> _Action item_
When you come to a picture, pass over it, and set down the entries below exactly.

> _Data shown_
BEGIN

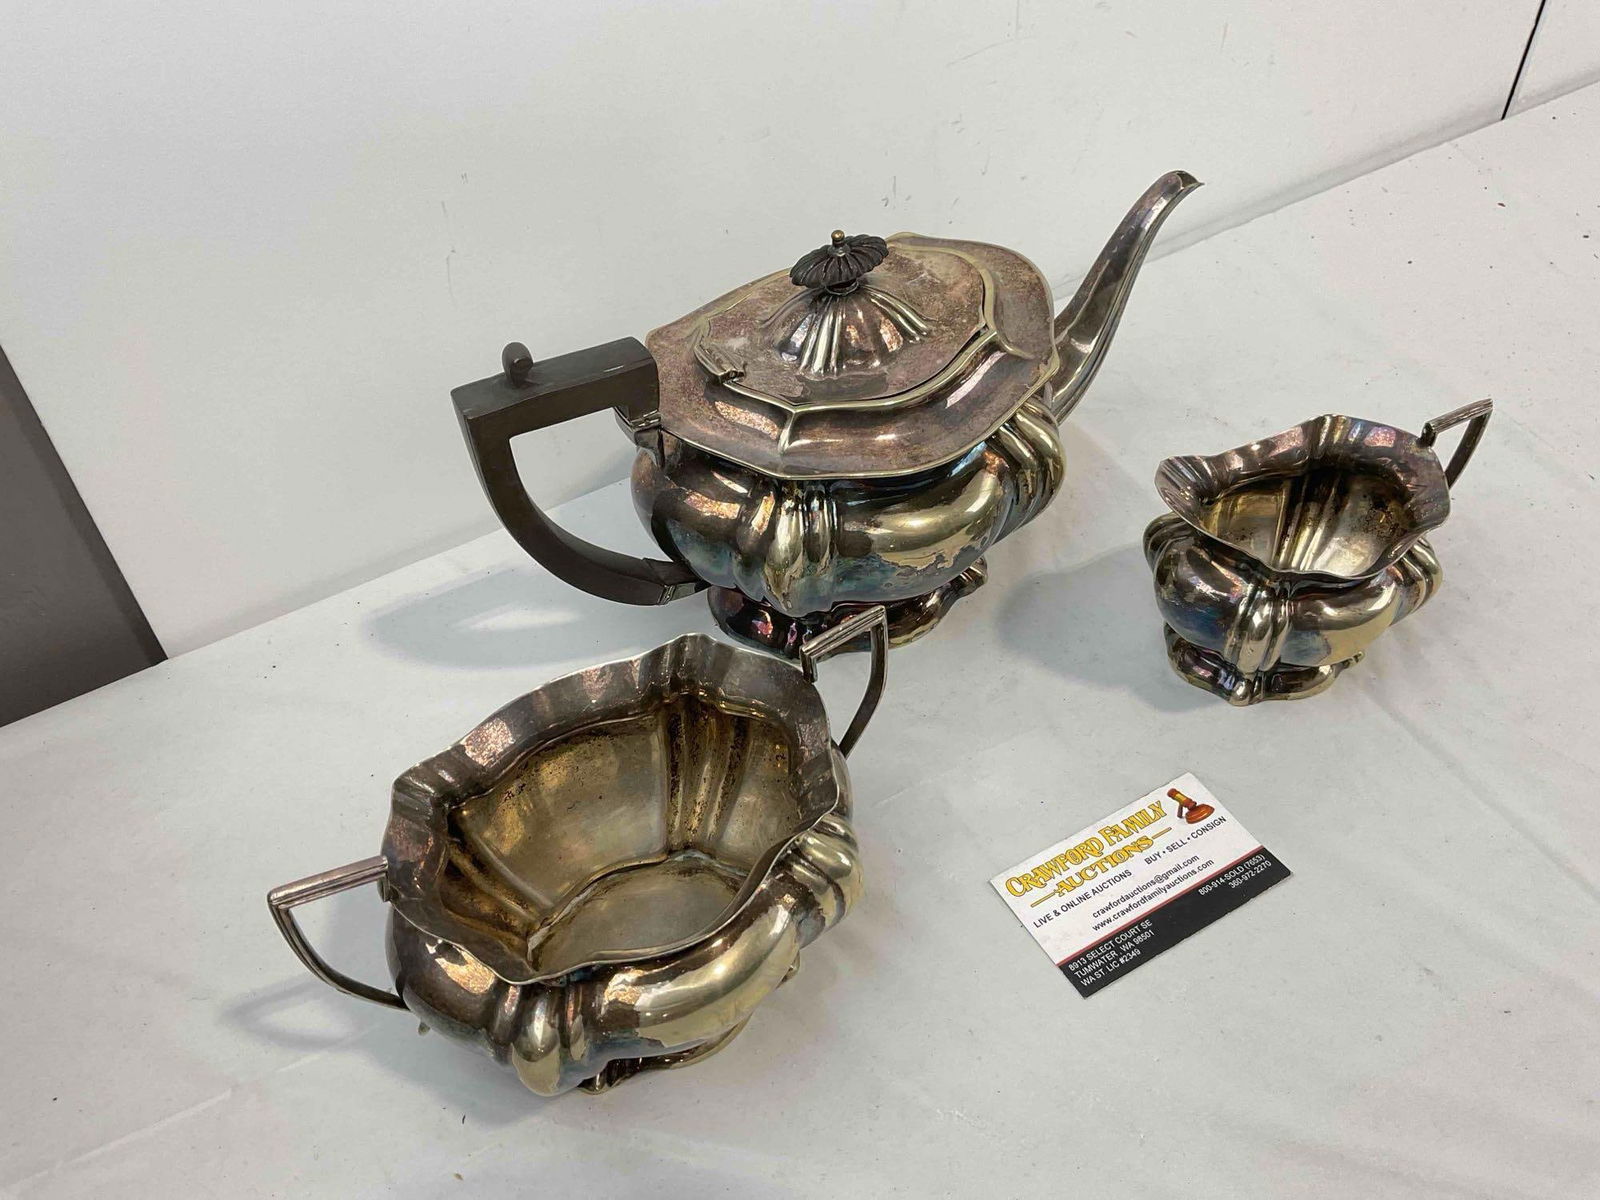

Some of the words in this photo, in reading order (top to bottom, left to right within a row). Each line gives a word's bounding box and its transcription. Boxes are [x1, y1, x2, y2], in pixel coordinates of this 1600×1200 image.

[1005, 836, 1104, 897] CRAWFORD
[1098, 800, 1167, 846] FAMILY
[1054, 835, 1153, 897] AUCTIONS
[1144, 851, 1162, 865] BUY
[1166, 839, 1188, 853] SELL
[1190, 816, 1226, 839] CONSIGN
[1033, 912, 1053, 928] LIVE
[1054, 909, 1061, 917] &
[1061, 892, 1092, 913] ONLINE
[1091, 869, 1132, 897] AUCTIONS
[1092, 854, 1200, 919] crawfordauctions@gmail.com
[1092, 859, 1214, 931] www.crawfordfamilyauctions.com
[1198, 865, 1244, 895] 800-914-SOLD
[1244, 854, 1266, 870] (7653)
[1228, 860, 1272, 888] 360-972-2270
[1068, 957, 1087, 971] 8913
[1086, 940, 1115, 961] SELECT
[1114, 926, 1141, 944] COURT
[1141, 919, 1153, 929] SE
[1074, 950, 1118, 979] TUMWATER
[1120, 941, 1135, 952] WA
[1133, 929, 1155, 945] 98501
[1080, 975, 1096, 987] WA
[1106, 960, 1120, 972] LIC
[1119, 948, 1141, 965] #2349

END

> _Task solution_
Some of the words in this photo, in reading order (top to bottom, left to right within a row). Each line gives a word's bounding box and its transcription. Boxes are [x1, y1, x2, y2], in pixel coordinates of this 1600×1200 image.

[1005, 836, 1104, 897] CRAWFORD
[1098, 800, 1167, 846] FAMILY
[1054, 835, 1153, 897] AUCTIONS
[1144, 851, 1162, 865] BUY
[1166, 839, 1188, 853] SELL
[1190, 816, 1226, 839] CONSIGN
[1033, 912, 1053, 928] LIVE
[1054, 909, 1061, 917] &
[1061, 892, 1092, 913] ONLINE
[1091, 869, 1132, 897] AUCTIONS
[1092, 854, 1200, 919] crawfordauctions@gmail.com
[1092, 859, 1214, 931] www.crawfordfamilyauctions.com
[1198, 865, 1244, 895] 800-914-SOLD
[1244, 854, 1266, 870] (7653)
[1228, 860, 1272, 888] 360-972-2270
[1068, 957, 1087, 971] 8913
[1086, 940, 1115, 961] SELECT
[1114, 926, 1141, 944] COURT
[1141, 919, 1153, 929] SE
[1074, 950, 1118, 979] TUMWATER
[1120, 941, 1135, 952] WA
[1133, 929, 1155, 945] 98501
[1080, 975, 1096, 987] WA
[1106, 960, 1120, 972] LIC
[1119, 948, 1141, 965] #2349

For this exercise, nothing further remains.